Economics
Economics is the social science that studies how individuals, firms, and societies allocate scarce resources among competing ends, and how the production, distribution, and consumption of goods and services are organized through markets and institutions.
Scope
The discipline spans microeconomics (individual agents and markets), macroeconomics (aggregates such as output, inflation, and unemployment), and a wide range of applied fields — labour, public, international, monetary, development, and behavioural economics — unified by methods of constrained optimization, equilibrium analysis, and increasingly econometrics and experiments.
Sub-topics
- Agricultural and Natural Resource Economics; Environmental and Ecological Economics
- Business Administration and Business Economics; Marketing; Accounting; Personnel Economics
- Economic Development, Innovation, Technological Change, and Growth
- Economic History
- Financial Economics
- General Economics and Teaching
- Health, Education, and Welfare Economics
- History of Economic Thought, Methodology, and Heterodox Approaches
- Industrial Organization
- International Economics
- Labor and Demographic Economics
- Law and Economics
- Macroeconomics and Monetary Economics
- Mathematical and Quantitative Methods
- Microeconomics
- Miscellaneous Categories
- Other Special Topics
- Political Economy and Comparative Economic Systems
- Public Economics
- Urban, Rural, Regional, Real Estate, and Transportation Economics
Core questions
- How are scarce resources allocated among competing uses?
- How are prices and quantities determined in markets?
- What determines the wealth, growth, and business cycles of nations?
- When do markets allocate efficiently, and when and why do they fail?
- How should public policy intervene in the economy?
Key concepts
- Scarcity and opportunity cost
- Supply and demand
- Marginal analysis
- Comparative advantage
- Equilibrium
- Aggregate demand
- Market failure
- Efficiency and welfare
Key theories
- Classical political economy
- Smith's account of the division of labour and the 'invisible hand', extended by Ricardo's theories of value, rent, and comparative advantage, established the market as a self-organizing system.
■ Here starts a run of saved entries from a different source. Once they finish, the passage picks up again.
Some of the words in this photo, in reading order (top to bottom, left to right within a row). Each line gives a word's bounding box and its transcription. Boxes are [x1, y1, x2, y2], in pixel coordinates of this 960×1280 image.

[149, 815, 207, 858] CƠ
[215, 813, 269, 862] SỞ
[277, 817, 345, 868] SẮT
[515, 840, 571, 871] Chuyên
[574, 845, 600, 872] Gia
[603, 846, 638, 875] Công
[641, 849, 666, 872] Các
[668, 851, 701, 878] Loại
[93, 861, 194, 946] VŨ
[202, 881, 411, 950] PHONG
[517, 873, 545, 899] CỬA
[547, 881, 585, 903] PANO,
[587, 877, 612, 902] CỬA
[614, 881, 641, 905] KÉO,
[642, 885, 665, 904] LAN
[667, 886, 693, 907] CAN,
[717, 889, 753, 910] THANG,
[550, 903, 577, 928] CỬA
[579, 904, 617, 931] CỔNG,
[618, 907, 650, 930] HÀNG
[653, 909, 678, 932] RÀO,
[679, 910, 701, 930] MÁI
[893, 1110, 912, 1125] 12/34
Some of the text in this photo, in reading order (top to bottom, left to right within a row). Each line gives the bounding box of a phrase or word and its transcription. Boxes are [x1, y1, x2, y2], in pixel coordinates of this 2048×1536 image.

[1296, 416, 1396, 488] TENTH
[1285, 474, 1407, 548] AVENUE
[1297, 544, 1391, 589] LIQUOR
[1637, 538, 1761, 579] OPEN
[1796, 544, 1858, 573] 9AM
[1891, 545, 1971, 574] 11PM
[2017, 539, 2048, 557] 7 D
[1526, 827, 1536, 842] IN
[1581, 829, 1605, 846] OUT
- Neoclassical marginalism
- Value and prices are explained by marginal utility and constrained optimization; Marshall synthesized demand and supply, and Robbins defined economics as the science of choice under scarcity.
- Keynesian macroeconomics
- Keynes argued that aggregate demand can leave economies in persistent under-employment equilibria, providing the rationale for active fiscal and monetary stabilization.
- General equilibrium and mathematical economics
- Samuelson's Foundations and the Arrow-Debreu model placed the analysis of interdependent markets on rigorous mathematical foundations, proving the existence and efficiency of competitive equilibrium.
History
Economics emerged as a distinct discipline with Smith's Wealth of Nations (1776) and classical political economy (Ricardo, Malthus, Mill). The marginal revolution of the 1870s (Jevons, Menger, Walras) and Marshall's synthesis founded neoclassical economics. The Keynesian revolution of the 1930s created modern macroeconomics, and the postwar 'formalist' turn (Samuelson, Arrow, Debreu) mathematized the field. Later decades brought monetarist and rational-expectations critiques, and the rise of econometrics, game theory, behavioural, and experimental economics.
Debates
- How much should the state intervene in the economy?
- Keynesian arguments for active demand management contrast with classical/monetarist and new-classical views emphasizing markets' self-correction and the limits of policy.
- How realistic must economic assumptions be?
- Debate continues over the rational-optimizing benchmark and 'as-if' methodology versus more behaviourally and institutionally grounded models.
Key figures
- Adam Smith
- David Ricardo
- Alfred Marshall
- Lionel Robbins
- John Maynard Keynes
- Paul Samuelson
- Kenneth Arrow
- Gérard Debreu
Related topics
Seminal works
- smith-1776
- ricardo-1817
- marshall-1890
- keynes-1936
- samuelson-1947
- arrow-debreu-1954
Frequently asked questions
- What is the difference between microeconomics and macroeconomics?
- Microeconomics studies individual agents and specific markets; macroeconomics studies economy-wide aggregates. Modern macroeconomics is built largely on microeconomic foundations.
- Is economics a science?
- Economics uses formal models, statistical testing, and increasingly experiments, but as a social science it studies human behaviour and institutions, where controlled experimentation and prediction are harder than in the natural sciences.